Essai/France 23 janvierMaxime Rovere

Morts aux cons ! Vaste programme, soupirait de Gaulle. Mais qui sont-ils ? Si la bêtise est bien documentée, notamment avec le succès de la Psychologie de la connerie (Sciences humaines éditions, 2018), il n'en est pas de même des cons. Maxime Rovere (Pontifícia Universidade Católica de Rio de Janeiro) s'attaque au sujet avec méthode. Car derrière ce titre accrocheur se cache un très sérieux « essai d'éthique interactionnelle ».

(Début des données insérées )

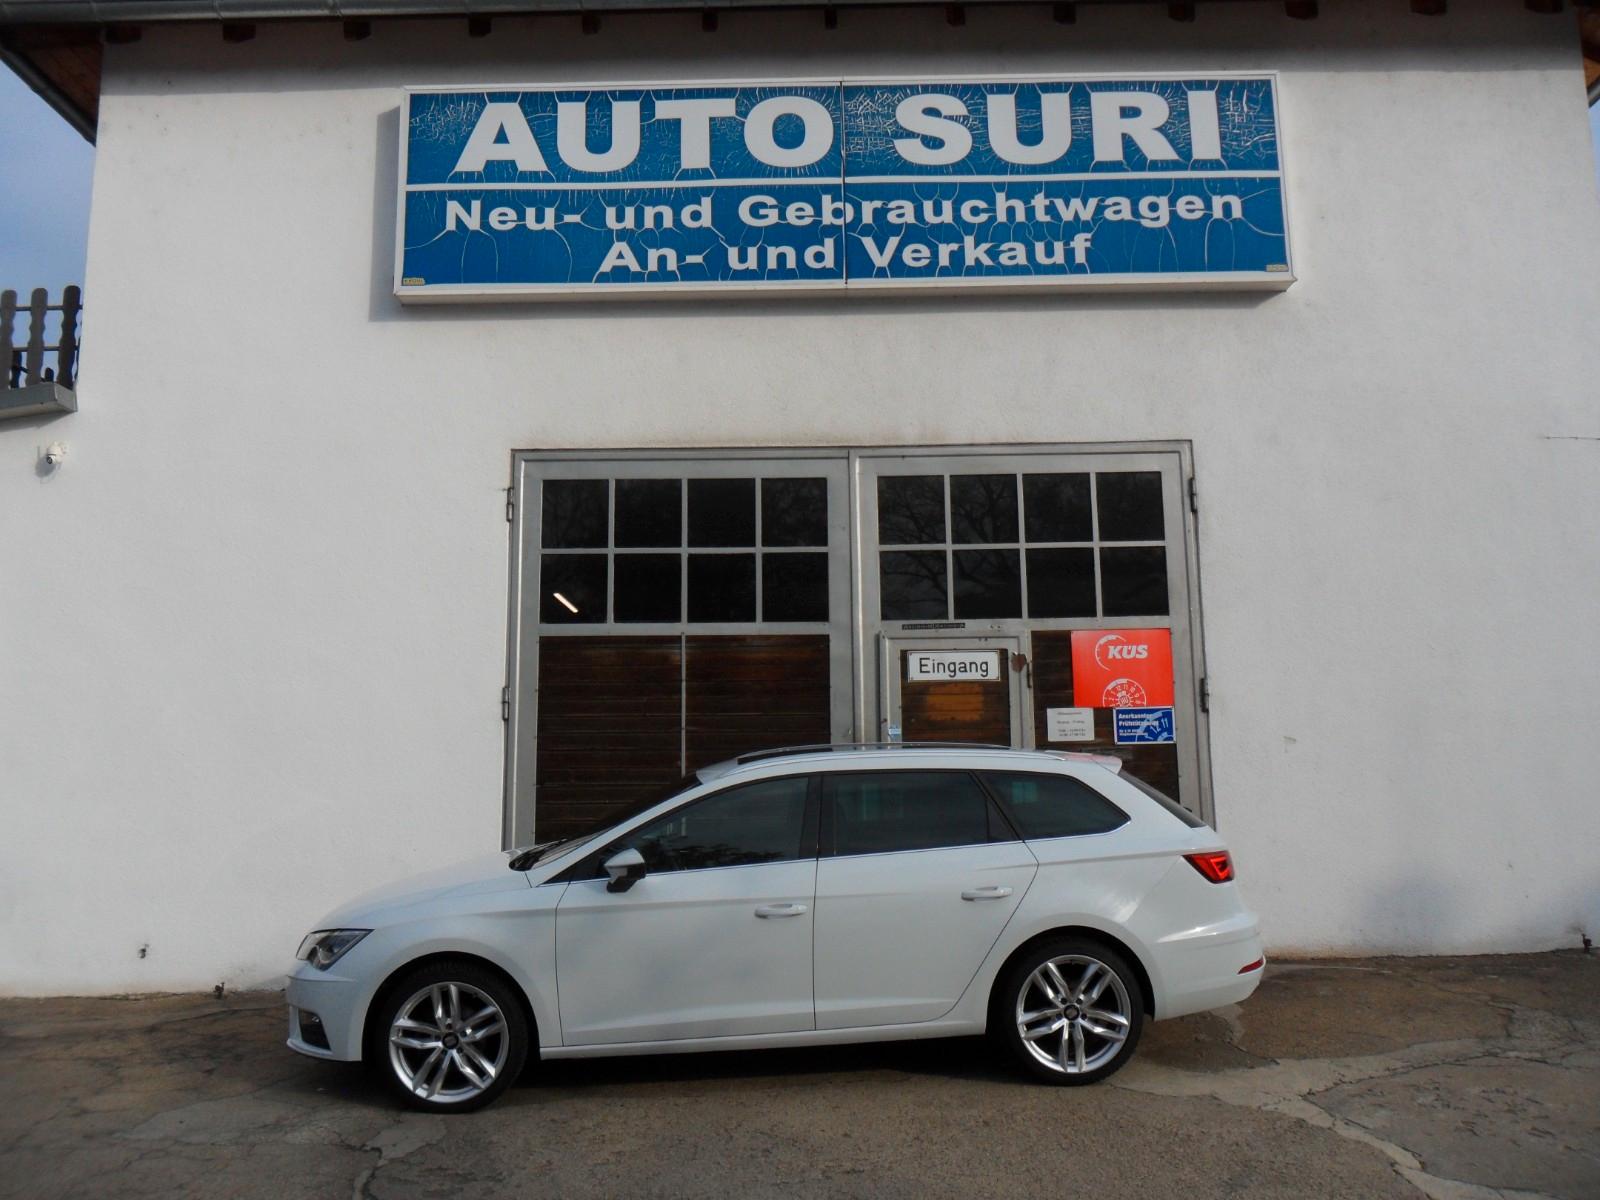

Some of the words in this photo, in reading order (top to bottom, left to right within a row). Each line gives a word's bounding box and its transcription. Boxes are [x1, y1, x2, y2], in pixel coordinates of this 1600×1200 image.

[454, 95, 834, 172] AUTO
[892, 90, 1222, 166] SURI
[445, 200, 583, 231] Neu-
[604, 196, 713, 230] und
[737, 191, 1242, 228] Gebrauchtwagen
[597, 241, 704, 272] An-
[727, 238, 836, 271] und
[860, 232, 1092, 267] Verkauf
[919, 657, 989, 678] Eingang
[1107, 644, 1148, 659] KÜS
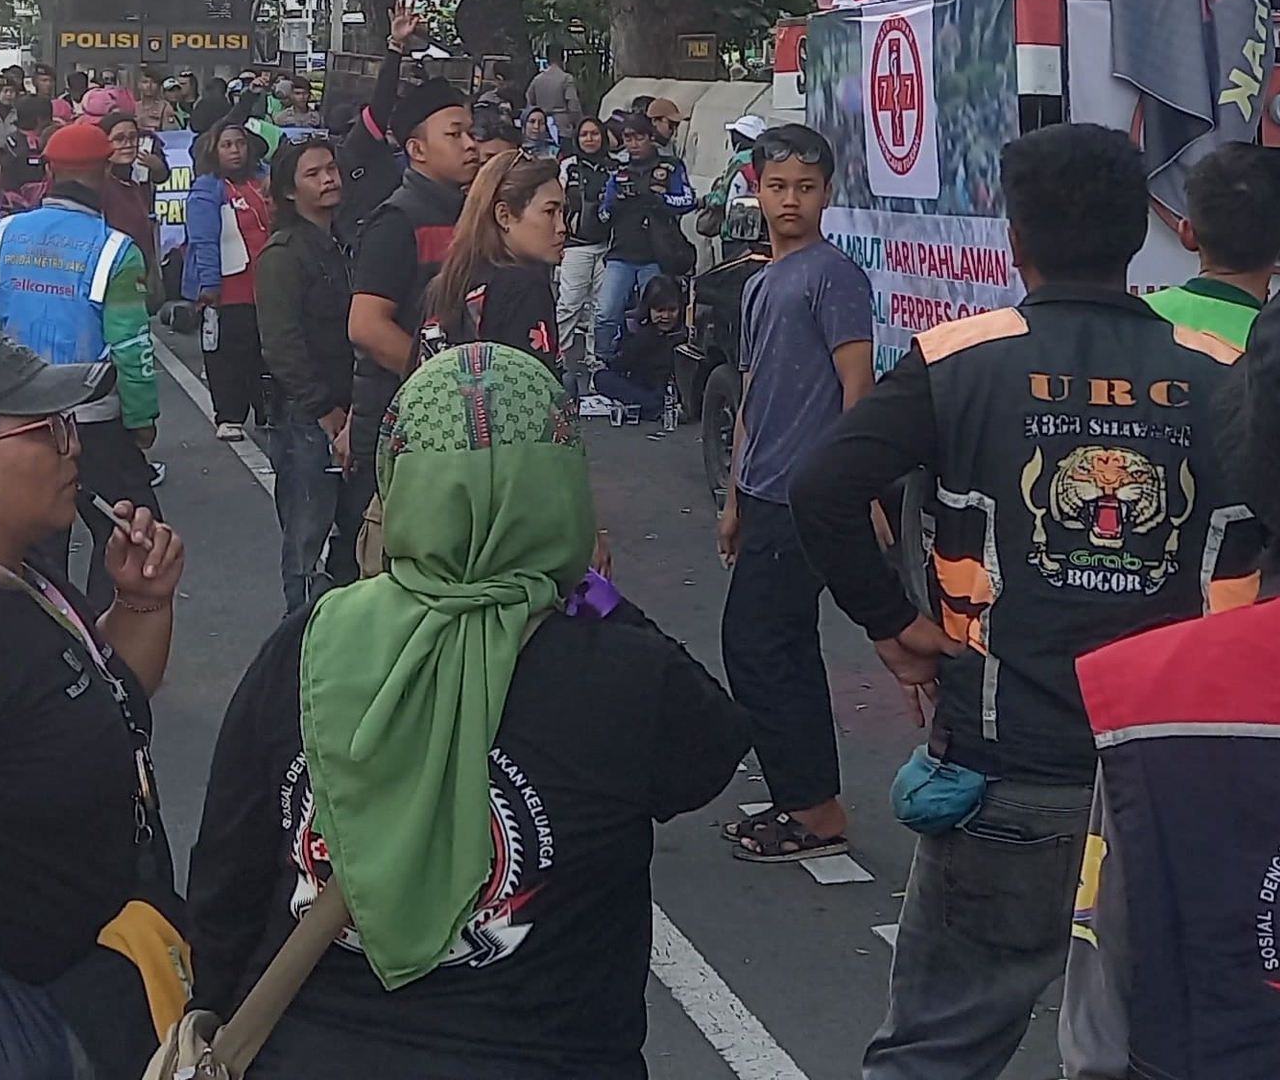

Ce spécialiste de Spinoza revient aux fondamentaux. « Le problème n'est pas la connerie, ce sont les cons. » Et ils sont nombreux ! Plutôt que de les ignorer, il faut donc faire avec. Pour cela, un préambule est nécessaire. « On est toujours le con de quelqu'un ; les formes de la connerie sont en nombre infini ; et le principal con se trouve en nous-mêmes. Après avoir dit ça, on pourra commencer à réfléchir. »

C'est ce que fait l'auteur du Clan Spinoza (Flammarion, 2017). « Ce ne sont pas seulement les cons qui détruisent les conditions de la vie sociale, c'est aussi une société malade qui produit des cons. » Au fil des chapitres, l'ouvrage se transforme en manuel de résistance à la stupidité et aux stupides, avec une série de quatorze conseils pour vivre mieux en milieu hostile. Le premier est ainsi libellé : « Vous n'êtes pas le prof des cons. Changez les situations, pas les personnes. »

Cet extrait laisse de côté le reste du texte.